Sunday, October 21, 2018

If funerals are for the living, I shall not attend

If funerals are for the living, what then when the living, or one of the living, doesn't want to do to the funeral of a dead relative?

My Uncle El died a couple of days ago. My dad had the one sister and no brothers, and my mom was an only, so I have just him and my Aunt Marguerite as aunts and uncles. The funeral is Tuesday. I could surely get off work, but I am not interested.

I semi-swore to myself after my mom's death, at her funeral, that I would never need to see my oldest brother again. I put the issues of deaths of siblings out of mind as being decades in the future, barring accidents or early cancer or similar.

But, I forgot about El and Marguerite, and now El is dead.

And I don't want to go, and not just because he's is surely going to be there.

I also semi-swore to myself that, other than for possible courtesy visits to church when visiting my sister and her minister husband, that I never would set foot in a church again except to attend a concert or other artistic event.

I have no desire to go there, and, at a minimum, to be a hypocrite, and, at a maximum, be proselytized by Marguerite, or her daughter (both former parochial school teachers), or my oldest or second-oldest brothers, with the likelihood from greatest to least being in that order. Years ago, Marguerite sent me an Easter card that, in not so few of words, said "You know it's true," about fundamentalist Easter beliefs. A religious funeral among conservative Lutheran Christians is only likely to bring that all to the surface, not to mention that, pre-deconversion, I had been to her church umpteen times and some oldsters there may still know me.

No desire.

If funerals are for the living, I'm not going.

I then, with this adapted from handwritten journaling, thought about a poem. I had been thinking about writing one this afternoon. Hadn't sat down to do that.

Then, just after finishing up these notes, this extended haiku started to work its way out.

Death is for the dead
And life is for the living.
So don't fence me in.

Better yet, I won't
Fence myself by attending;
We're all better off.

Namaste for all —
A word that might well offend
Some others itself.

I touched dad's cold skin,
Satisfied that dead is dead
And shall remain so.

Schnittke's Requiem
Challenges old conventions;
Death is chaotic.

Emotional wounds
I shall not give, nor receive.
They will still result.

We will drift further.
I accept that is the price
Of preservation.

Thursday, October 11, 2018

Frustration freedom, maybe?

I just did something I've not done for many years.

I left my online sobriety support group's meeting and chat room without saying good-nights to those there. I just clicked the X and shut the tab.
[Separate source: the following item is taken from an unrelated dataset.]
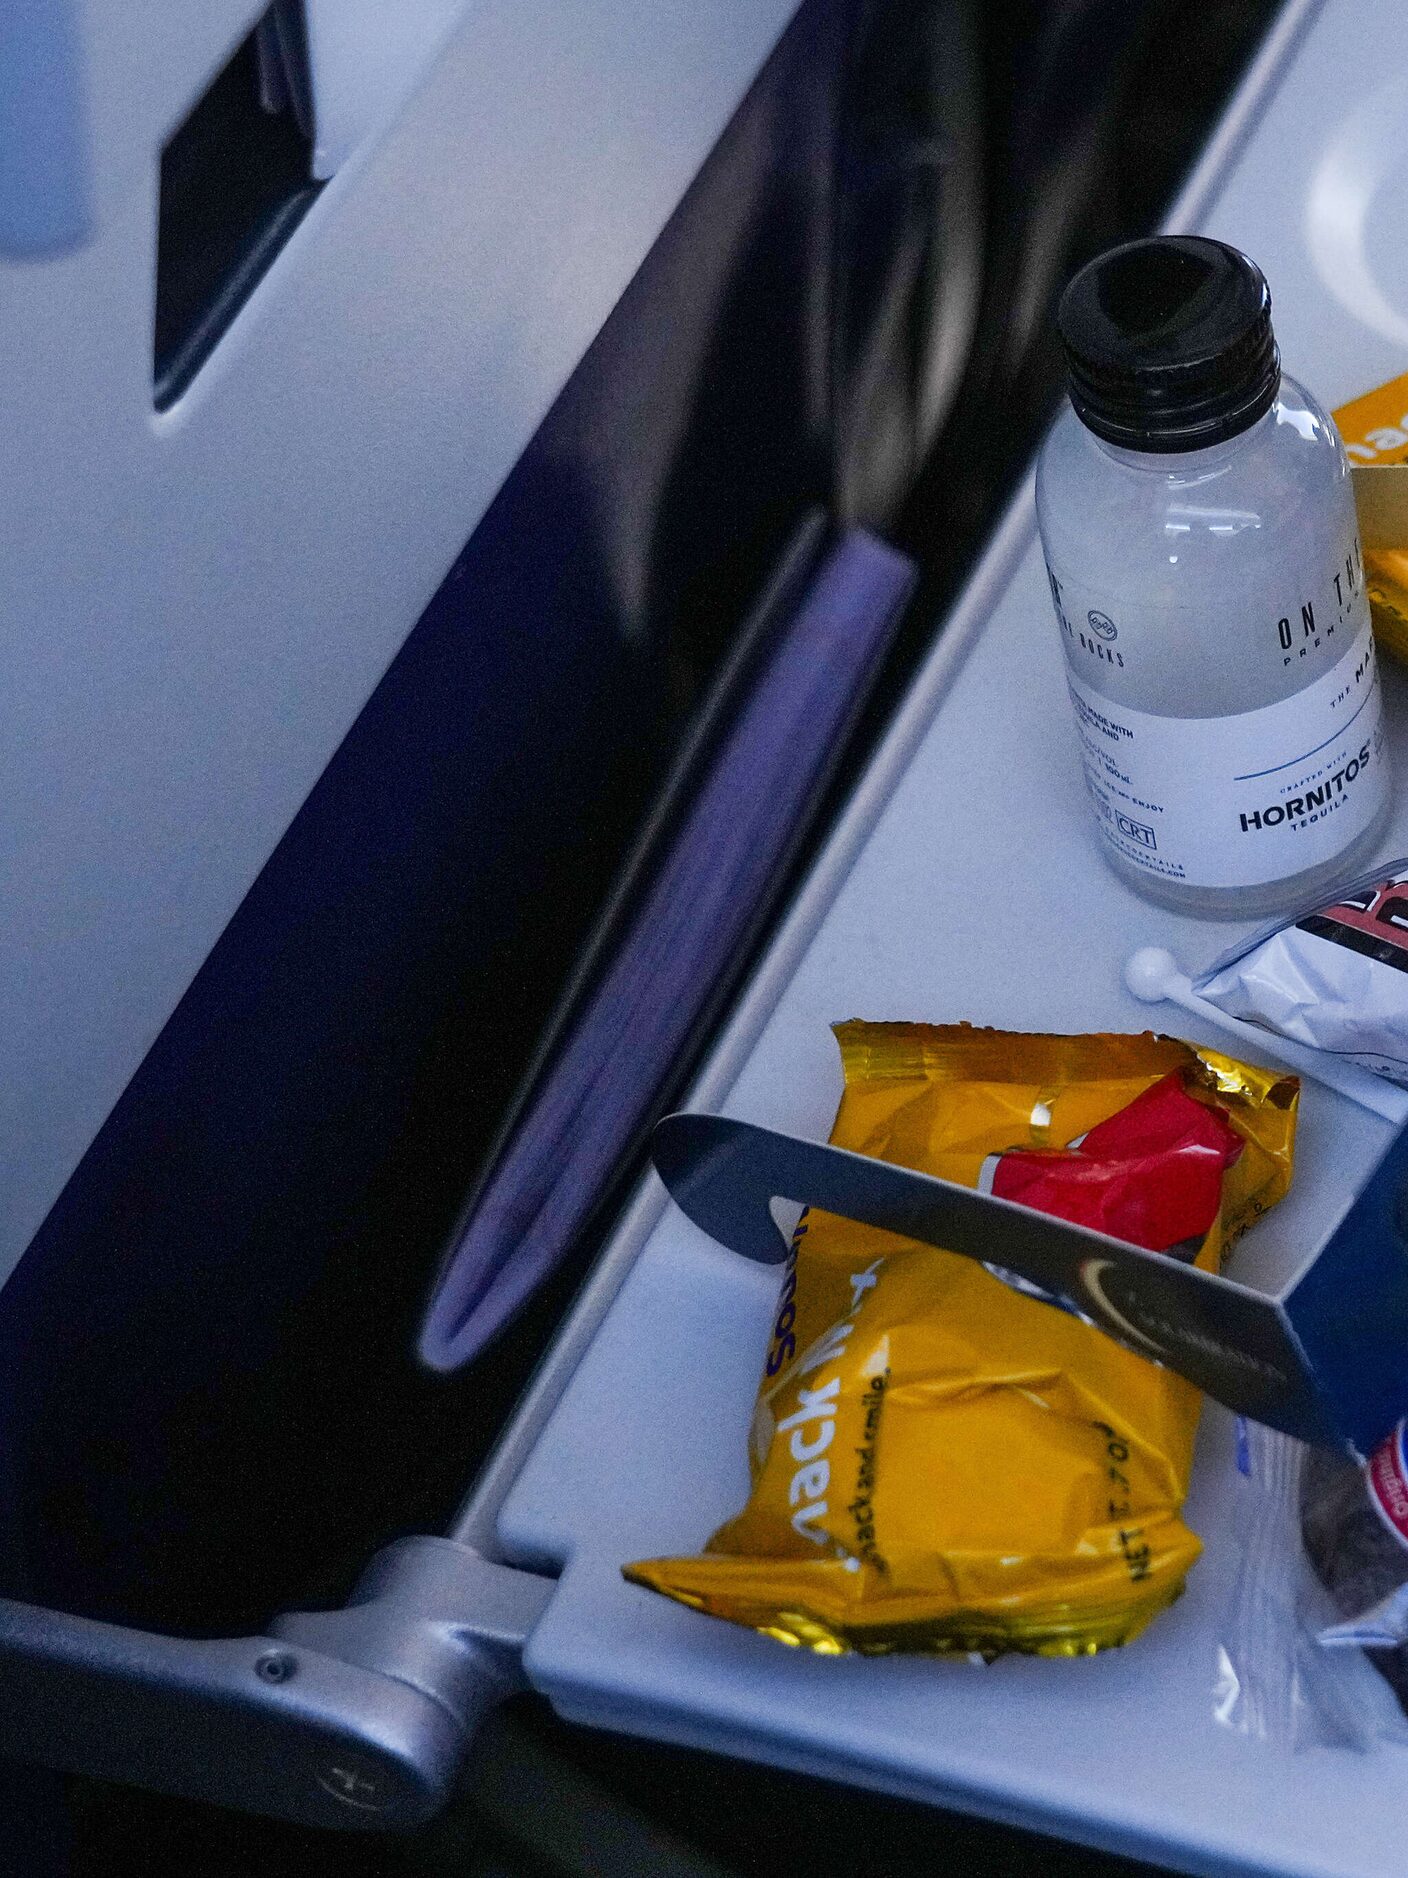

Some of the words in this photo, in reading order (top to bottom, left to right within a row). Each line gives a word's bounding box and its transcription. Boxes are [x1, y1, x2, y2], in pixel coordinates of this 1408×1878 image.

I had had enough, for tonight at least, of another person there.

He knows a lot about his subject field, which has everyday applications to just about everybody, but can be overbearing in saying do this, don't do that. Buy this, not that. Etc.

He can also at times go too far on light-hearted bantering type insults to sticking the needle. The latter, he seems to like to do to me.

Regular readers here know I'm a non-confrontational person. So, and figuring anyway that, he being my age, somebody in life has surely? maybe not? he's a boss, so could be hard to do at work? called him out on this, I just left.

I am not going to change him. The only thing to do is change myself, and without confrontation, simply state why I left if he asks me.

This had kind of been building on my side. On music, which kind of relates to his expertise, he's one of these people that claim vintage vinyl is oh so much better than CDs when blind tests prove otherwise. I dropped some brief comments on that once, quickly went nowhere. That was, I think, after I found out this person is a conspiracy theorist on a few issues, so I didn't push the scientific research too far in front of him in part for that reason.

Not in every way, but in some ways, perhaps I'm being reminded of family of origin stuff, too.

Between that and my recent post about resentment, maybe I need to dip into another non-AA sobriety forum more for a while. Kind of detox.

Update, July 25, 2020: Out in my apartment swimming pool, I realized that he reminded me of Mel Birge from Clayton High.